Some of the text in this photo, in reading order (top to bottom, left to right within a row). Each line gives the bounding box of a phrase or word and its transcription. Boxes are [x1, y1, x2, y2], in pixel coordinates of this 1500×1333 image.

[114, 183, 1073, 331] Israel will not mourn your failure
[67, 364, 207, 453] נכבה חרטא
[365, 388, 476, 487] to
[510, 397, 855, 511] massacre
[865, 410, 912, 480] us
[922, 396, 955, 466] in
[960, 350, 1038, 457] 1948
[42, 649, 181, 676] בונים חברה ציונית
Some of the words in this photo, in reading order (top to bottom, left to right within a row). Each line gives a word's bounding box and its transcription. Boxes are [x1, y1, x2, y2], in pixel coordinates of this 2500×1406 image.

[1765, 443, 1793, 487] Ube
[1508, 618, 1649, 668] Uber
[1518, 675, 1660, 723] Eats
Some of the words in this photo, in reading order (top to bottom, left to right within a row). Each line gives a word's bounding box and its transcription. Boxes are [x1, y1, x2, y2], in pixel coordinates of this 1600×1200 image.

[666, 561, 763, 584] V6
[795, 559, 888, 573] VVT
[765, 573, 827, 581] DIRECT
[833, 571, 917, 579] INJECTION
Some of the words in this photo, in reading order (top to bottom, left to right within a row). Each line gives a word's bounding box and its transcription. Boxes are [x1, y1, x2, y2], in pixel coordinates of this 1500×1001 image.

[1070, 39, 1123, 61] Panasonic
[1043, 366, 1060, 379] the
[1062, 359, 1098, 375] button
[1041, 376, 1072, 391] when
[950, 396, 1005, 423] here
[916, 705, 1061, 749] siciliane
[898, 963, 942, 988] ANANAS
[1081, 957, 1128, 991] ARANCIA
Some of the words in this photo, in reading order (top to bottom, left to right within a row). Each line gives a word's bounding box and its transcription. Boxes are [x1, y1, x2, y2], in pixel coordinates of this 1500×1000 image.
########
WHAT THE TASK ASKS
Every line of the material must be given again exactly.

YOUR SOLUTION
Some of the text in this photo, in reading order (top to bottom, left to right within a row). Each line gives the bounding box of a phrase or word and its transcription. Boxes are [x1, y1, x2, y2], in pixel coordinates of this 1500×1333 image.

[114, 183, 1073, 331] Israel will not mourn your failure
[67, 364, 207, 453] נכבה חרטא
[365, 388, 476, 487] to
[510, 397, 855, 511] massacre
[865, 410, 912, 480] us
[922, 396, 955, 466] in
[960, 350, 1038, 457] 1948
[42, 649, 181, 676] בונים חברה ציונית
Some of the words in this photo, in reading order (top to bottom, left to right within a row). Each line gives a word's bounding box and its transcription. Boxes are [x1, y1, x2, y2], in pixel coordinates of this 2500×1406 image.

[1765, 443, 1793, 487] Ube
[1508, 618, 1649, 668] Uber
[1518, 675, 1660, 723] Eats
Some of the words in this photo, in reading order (top to bottom, left to right within a row). Each line gives a word's bounding box and its transcription. Boxes are [x1, y1, x2, y2], in pixel coordinates of this 1600×1200 image.

[666, 561, 763, 584] V6
[795, 559, 888, 573] VVT
[765, 573, 827, 581] DIRECT
[833, 571, 917, 579] INJECTION
Some of the words in this photo, in reading order (top to bottom, left to right within a row). Each line gives a word's bounding box and its transcription. Boxes are [x1, y1, x2, y2], in pixel coordinates of this 1500×1001 image.

[1070, 39, 1123, 61] Panasonic
[1043, 366, 1060, 379] the
[1062, 359, 1098, 375] button
[1041, 376, 1072, 391] when
[950, 396, 1005, 423] here
[916, 705, 1061, 749] siciliane
[898, 963, 942, 988] ANANAS
[1081, 957, 1128, 991] ARANCIA
Some of the words in this photo, in reading order (top to bottom, left to right within a row). Each line gives a word's bounding box and its transcription. Boxes are [x1, y1, x2, y2], in pixel coordinates of this 1500×1000 image.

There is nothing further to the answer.